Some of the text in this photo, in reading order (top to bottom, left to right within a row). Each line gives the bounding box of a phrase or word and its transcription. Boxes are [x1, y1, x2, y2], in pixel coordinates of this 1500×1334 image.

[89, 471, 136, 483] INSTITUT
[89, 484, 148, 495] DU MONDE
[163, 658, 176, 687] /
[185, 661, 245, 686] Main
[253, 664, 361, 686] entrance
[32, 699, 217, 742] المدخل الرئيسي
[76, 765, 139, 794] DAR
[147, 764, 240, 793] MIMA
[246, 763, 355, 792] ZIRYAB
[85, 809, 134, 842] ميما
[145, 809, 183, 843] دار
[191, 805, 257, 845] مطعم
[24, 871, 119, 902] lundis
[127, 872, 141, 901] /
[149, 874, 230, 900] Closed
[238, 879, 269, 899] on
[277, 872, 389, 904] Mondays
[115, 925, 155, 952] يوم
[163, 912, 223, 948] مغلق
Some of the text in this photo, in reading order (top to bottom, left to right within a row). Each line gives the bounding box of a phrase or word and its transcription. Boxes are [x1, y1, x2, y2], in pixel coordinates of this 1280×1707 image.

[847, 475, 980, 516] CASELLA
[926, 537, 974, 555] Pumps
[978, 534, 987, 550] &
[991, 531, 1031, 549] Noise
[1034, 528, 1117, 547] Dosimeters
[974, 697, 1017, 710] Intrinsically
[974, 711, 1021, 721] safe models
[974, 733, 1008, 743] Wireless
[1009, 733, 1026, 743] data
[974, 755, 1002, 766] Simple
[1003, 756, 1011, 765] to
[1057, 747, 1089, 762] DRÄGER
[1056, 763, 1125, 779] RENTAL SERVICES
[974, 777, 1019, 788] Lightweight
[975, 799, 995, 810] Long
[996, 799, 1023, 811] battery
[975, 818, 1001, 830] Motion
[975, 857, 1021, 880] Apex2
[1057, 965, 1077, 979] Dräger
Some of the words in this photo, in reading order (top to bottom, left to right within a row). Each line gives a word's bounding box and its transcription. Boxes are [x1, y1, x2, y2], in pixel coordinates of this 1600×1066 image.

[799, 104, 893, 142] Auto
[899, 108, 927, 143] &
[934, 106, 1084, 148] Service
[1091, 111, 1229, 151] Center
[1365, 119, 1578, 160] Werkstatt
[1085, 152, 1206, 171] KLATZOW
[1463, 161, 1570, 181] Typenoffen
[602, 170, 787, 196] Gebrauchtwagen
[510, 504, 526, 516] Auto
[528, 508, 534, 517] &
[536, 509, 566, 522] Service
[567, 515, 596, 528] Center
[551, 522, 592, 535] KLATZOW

⁂

* DESCRIPTION OF THE TASK:
Having gone through the data above, repeat it exactly.

* WRITTEN REPLY:
Some of the text in this photo, in reading order (top to bottom, left to right within a row). Each line gives the bounding box of a phrase or word and its transcription. Boxes are [x1, y1, x2, y2], in pixel coordinates of this 1500×1334 image.

[89, 471, 136, 483] INSTITUT
[89, 484, 148, 495] DU MONDE
[163, 658, 176, 687] /
[185, 661, 245, 686] Main
[253, 664, 361, 686] entrance
[32, 699, 217, 742] المدخل الرئيسي
[76, 765, 139, 794] DAR
[147, 764, 240, 793] MIMA
[246, 763, 355, 792] ZIRYAB
[85, 809, 134, 842] ميما
[145, 809, 183, 843] دار
[191, 805, 257, 845] مطعم
[24, 871, 119, 902] lundis
[127, 872, 141, 901] /
[149, 874, 230, 900] Closed
[238, 879, 269, 899] on
[277, 872, 389, 904] Mondays
[115, 925, 155, 952] يوم
[163, 912, 223, 948] مغلق
Some of the text in this photo, in reading order (top to bottom, left to right within a row). Each line gives the bounding box of a phrase or word and its transcription. Boxes are [x1, y1, x2, y2], in pixel coordinates of this 1280×1707 image.

[847, 475, 980, 516] CASELLA
[926, 537, 974, 555] Pumps
[978, 534, 987, 550] &
[991, 531, 1031, 549] Noise
[1034, 528, 1117, 547] Dosimeters
[974, 697, 1017, 710] Intrinsically
[974, 711, 1021, 721] safe models
[974, 733, 1008, 743] Wireless
[1009, 733, 1026, 743] data
[974, 755, 1002, 766] Simple
[1003, 756, 1011, 765] to
[1057, 747, 1089, 762] DRÄGER
[1056, 763, 1125, 779] RENTAL SERVICES
[974, 777, 1019, 788] Lightweight
[975, 799, 995, 810] Long
[996, 799, 1023, 811] battery
[975, 818, 1001, 830] Motion
[975, 857, 1021, 880] Apex2
[1057, 965, 1077, 979] Dräger
Some of the words in this photo, in reading order (top to bottom, left to right within a row). Each line gives a word's bounding box and its transcription. Boxes are [x1, y1, x2, y2], in pixel coordinates of this 1600×1066 image.

[799, 104, 893, 142] Auto
[899, 108, 927, 143] &
[934, 106, 1084, 148] Service
[1091, 111, 1229, 151] Center
[1365, 119, 1578, 160] Werkstatt
[1085, 152, 1206, 171] KLATZOW
[1463, 161, 1570, 181] Typenoffen
[602, 170, 787, 196] Gebrauchtwagen
[510, 504, 526, 516] Auto
[528, 508, 534, 517] &
[536, 509, 566, 522] Service
[567, 515, 596, 528] Center
[551, 522, 592, 535] KLATZOW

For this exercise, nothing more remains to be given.